What is it?
Can you even pronounce it correctly?
What is it made of?
No seriously, what kind of meats are involved here?
Beef? Ham?
Can my Jewish boyfriend eat it?
Are you sure?
100% positive?
Would you bet your life on it?
Would you bet your mom’s life on it?
If not, maybe bet your dog’s life on it?
The fact is, no one really knows what bologna is all about.
And as I sat here, trying to come up with this ultra-uber exciting blog post, I found myself staring down at my two-day old Subway cold cut, filled with delicious bologna (my Friday morning breakfast).

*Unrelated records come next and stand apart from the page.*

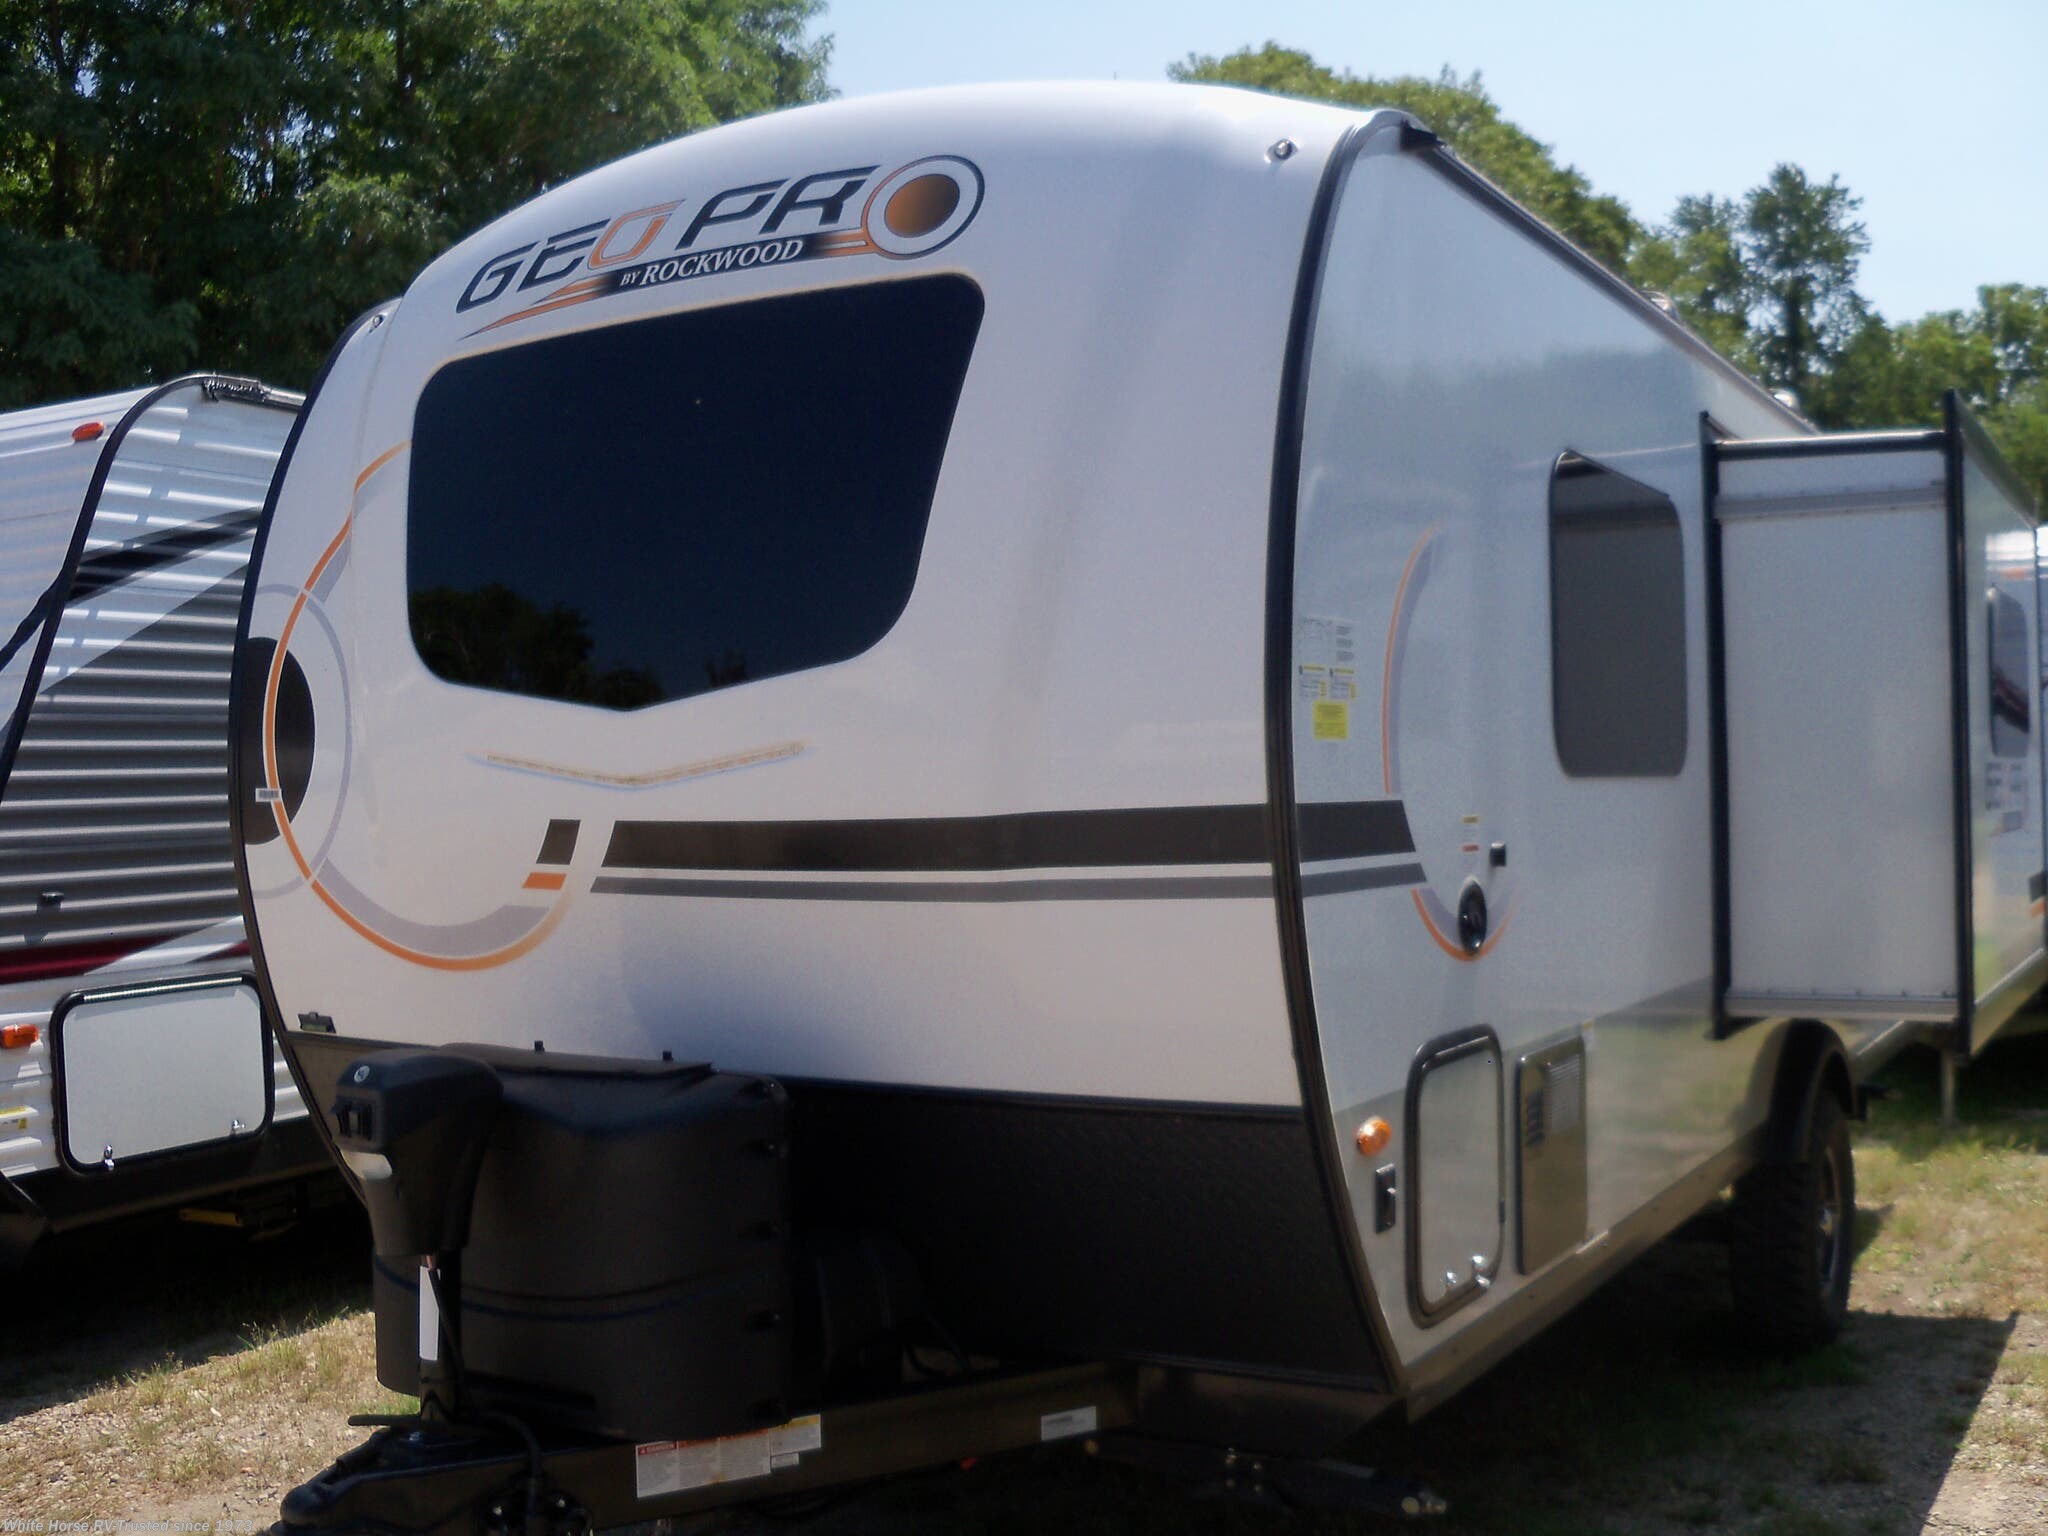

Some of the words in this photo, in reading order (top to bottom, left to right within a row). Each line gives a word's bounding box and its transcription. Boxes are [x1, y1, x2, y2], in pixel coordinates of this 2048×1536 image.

[456, 199, 686, 313] GEO
[674, 154, 985, 260] PRO
[620, 271, 641, 286] BY
[639, 239, 804, 286] ROCKWOOD
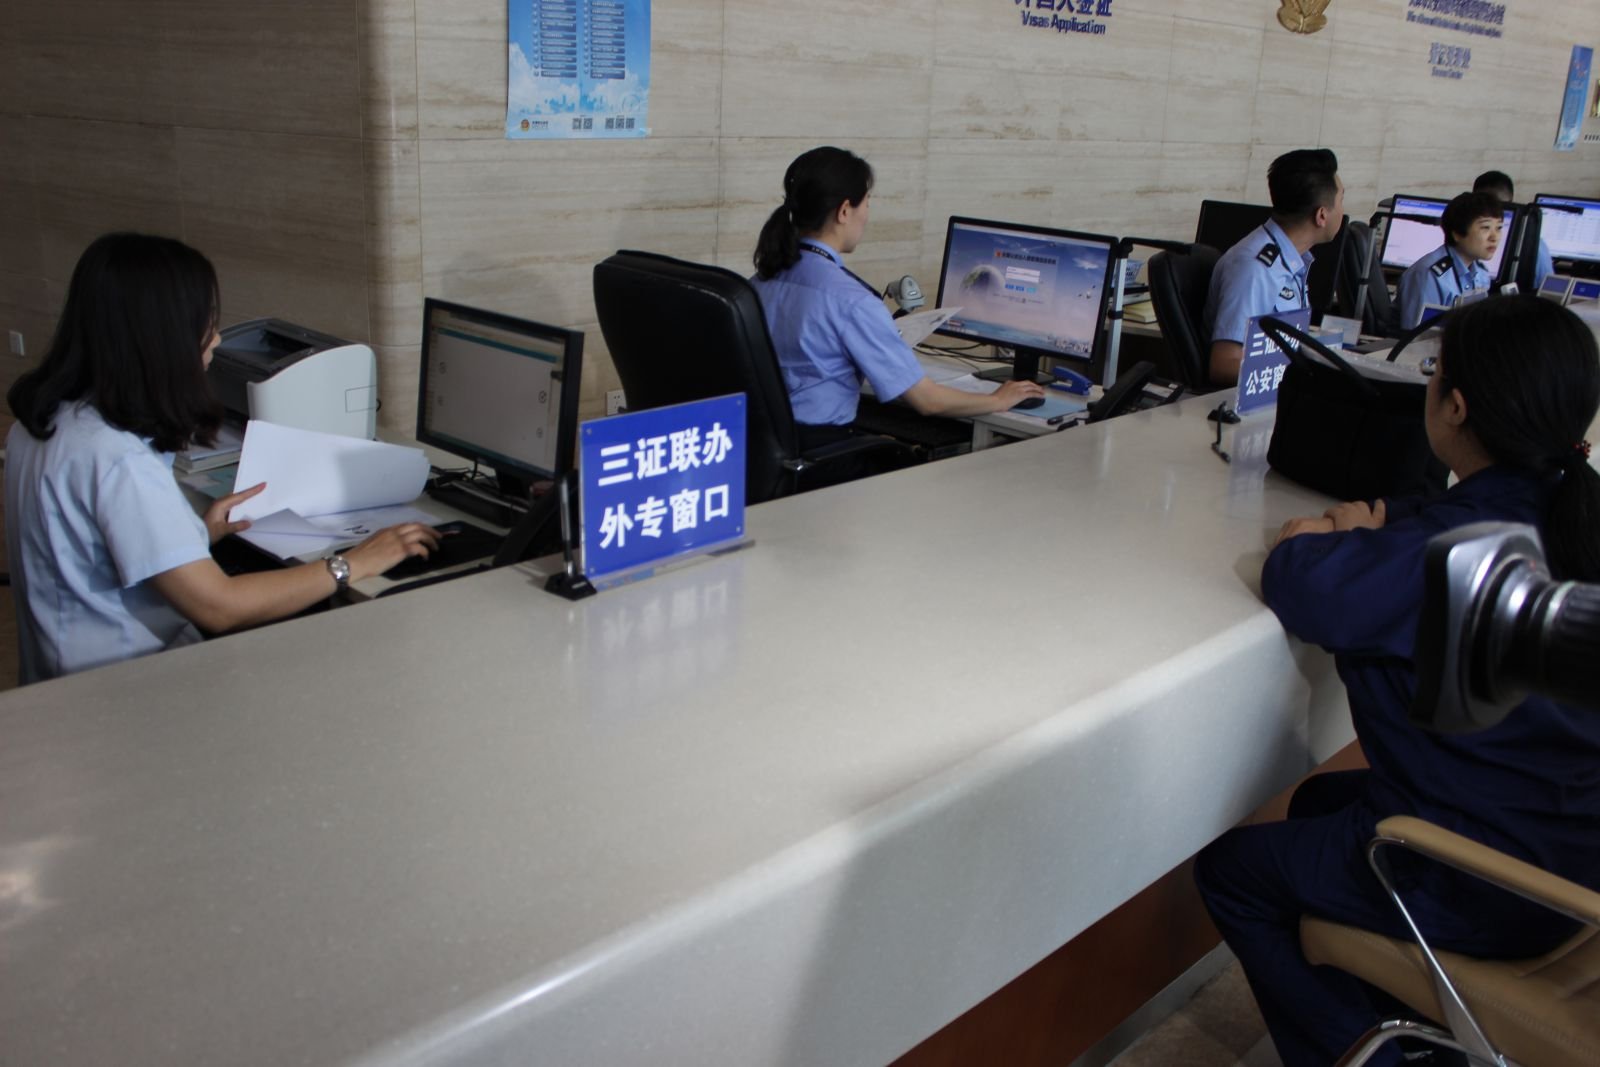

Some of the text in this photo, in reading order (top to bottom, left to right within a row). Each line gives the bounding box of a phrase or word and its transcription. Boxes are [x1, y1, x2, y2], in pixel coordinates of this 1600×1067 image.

[1021, 10, 1106, 35] Visas Application
[598, 421, 733, 487] 三证联办
[599, 483, 730, 549] 外专窗口

The truth is, maybe the truth isn’t that great.
Maybe the mystery of bologna is better left unsaid.
Maybe the actual contents of bologna should not be spoken of.
Maybe the reality of bologna would ruin all enjoyment of the world’s sandwiches.
When you’re a broke college student, you’re expected to live on bologna and cheese.
(Other than U of R students), you are—you’re expected to live on the bare essentials.
And when you look at it, bologna is actually tremendously interesting.
You can pick apart any object, subject, whatever! and look at its origin—where it comes from.
Creativity stems from that alone!
Go back to the basics, go back to bologna—the heart of our childhood boxed lunches.
Dig deep to what makes us human beings, weird creatures who eat food they know nothing about (and love it).
Take risks.
Eat bologna.
My name is Katie Der, and I’m applying to be an intern at Play this summer.